O resultado ajudou a reduzir a parcela da dívida pública em relação ao PIB. Depois de finalizar 2020 em 88,6% do PIB e chegar ao pico em fevereiro do ano passado, a dívida pública seguiu caindo nos últimos meses e terminou 2021 em 80,3% do PIB.

Mas foi a inflação que mais ajudou a reduzir a dívida, segundo especialistas. O PIB de 2021 avançou porque a atividade econômica demonstrou uma recuperação em relação ao primeiro ano da pandemia. Além disso, a inflação acima dos 10% contribuiu para aumentar o chamado PIB nominal (sobre o qual a dívida é calculada). Étore Sanchez, economista-chefe da Ativa Investimentos, lembra que isso ajuda também na arrecadação de impostos:

— Um exemplo é o petróleo. O preço subiu e o preço da gasolina aqui também. O ICMS, que é um percentual (que incide sobre o valor do combustível), também subiu. Consequentemente, a arrecadação dos estados melhorou, e a fotografia fiscal também.

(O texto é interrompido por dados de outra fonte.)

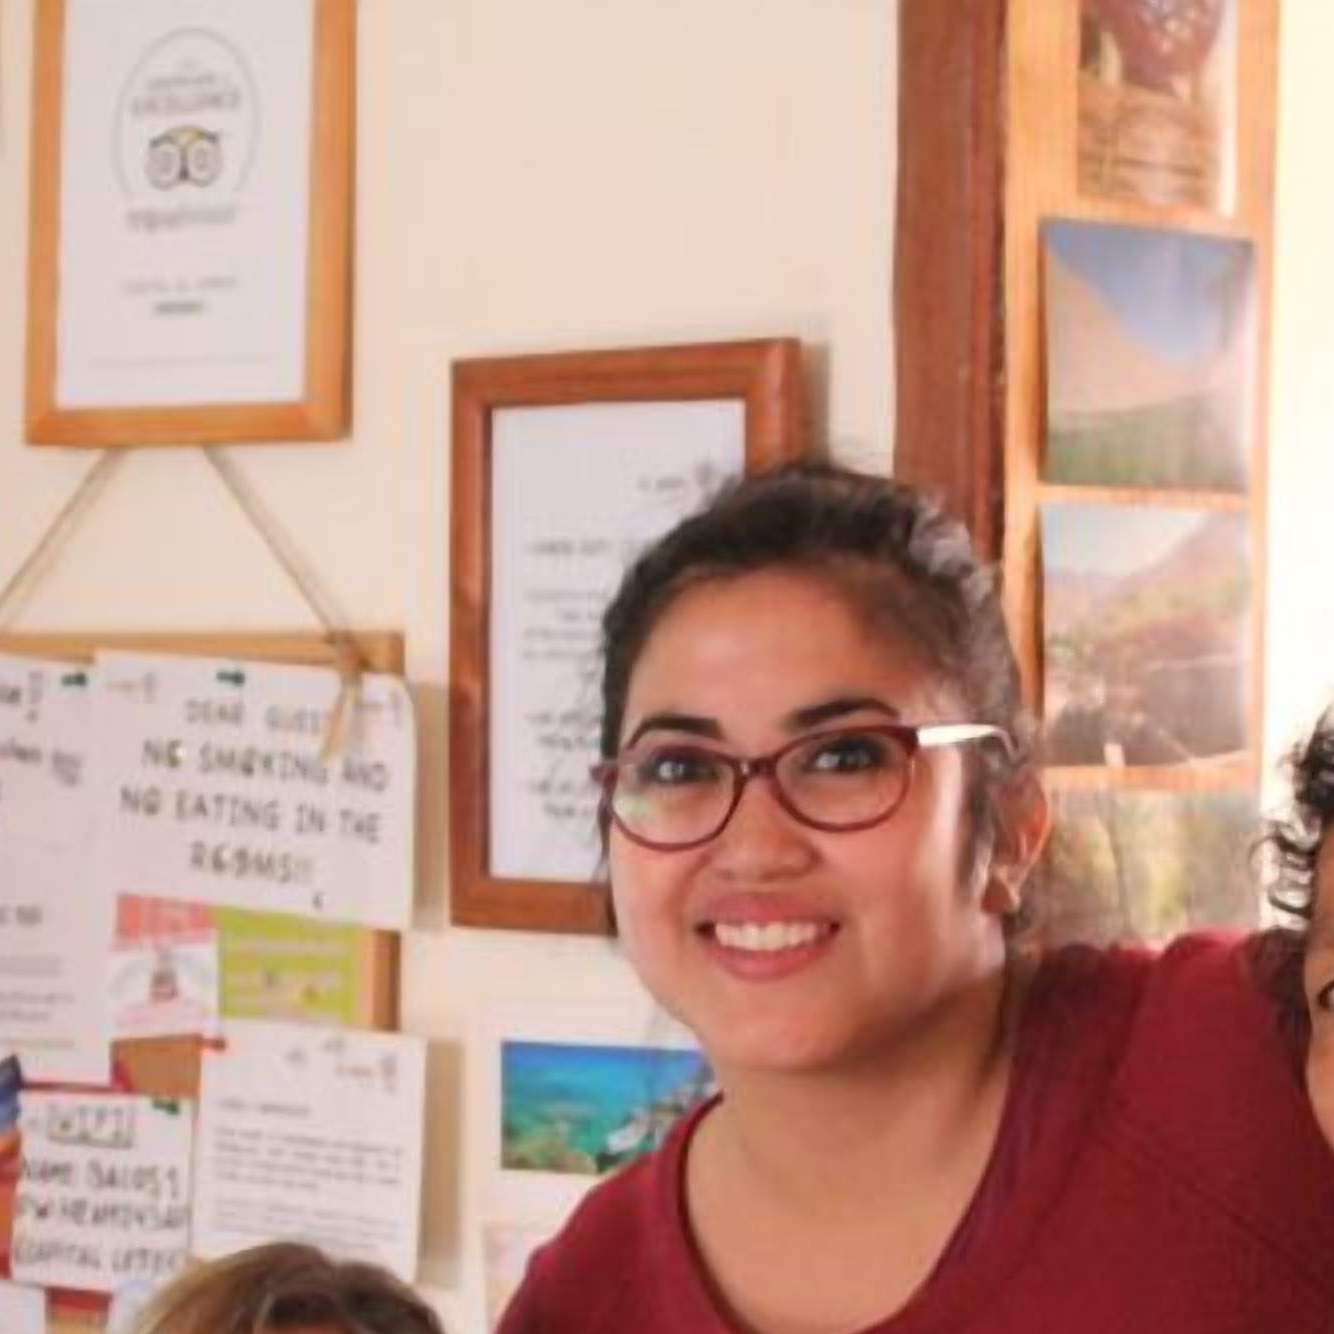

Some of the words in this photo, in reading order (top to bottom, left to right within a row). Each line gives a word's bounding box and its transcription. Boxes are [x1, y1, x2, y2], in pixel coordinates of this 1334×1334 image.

[176, 788, 280, 832] EATING
[295, 803, 326, 834] IN
[338, 807, 381, 845] THE

Já a incorporação de juros nominais — que subiram de 2% ao ano para 9,25% —e a desvalorização cambial tiveram impacto contrário.

Esse patamar de dívida de 80,3% em relação ao PIB é o menor desde abril de 2020, quando estava em 78,4%. Antes do início da pandemia, em fevereiro de 2020, o índice estava em 75,3%.

A Instituição Fiscal Independente (IFI), órgão ligado ao Senado, espera que a dívida suba para 84,8% em 2022. Segundo o relatório da instituição de janeiro, os juros mais altos e um resultado pior das contas públicas vão fazer a dívida aumentar.

Ariane Benedito, economista da CM Capital, reconhece que o resultado fiscal de 2021 foi bom, mas a expectativa para este ano é “bem pior” por causa do crescimento baixo e da inflação perto do teto da meta, em 5% ao ano:

—Se a gente olhar a projeção só de crescimento já é baixa, quando a gente adiciona a política monetária mais contracionista, a situação fica pior ainda.

Enquanto o governo central — que inclui o governo federal, INSS e Banco Central — teve um déficit de R$ 35,9 bilhões no ano, os governos regionais registraram superávit de R$ 97,7 bilhões, e as empresas estatais, de R$ 2,9 bilhões.

Sanchez diz que a inflação trouxe uma “ilusão” de benesse fiscal:

— A inflação é a grande responsável pelo resultado fiscal porque não tivemos uma melhora na dinâmica de gastos. O que surpreendeu foi a arrecadação. E por que veio melhor? Por causa da inflação, de maneira sistemática.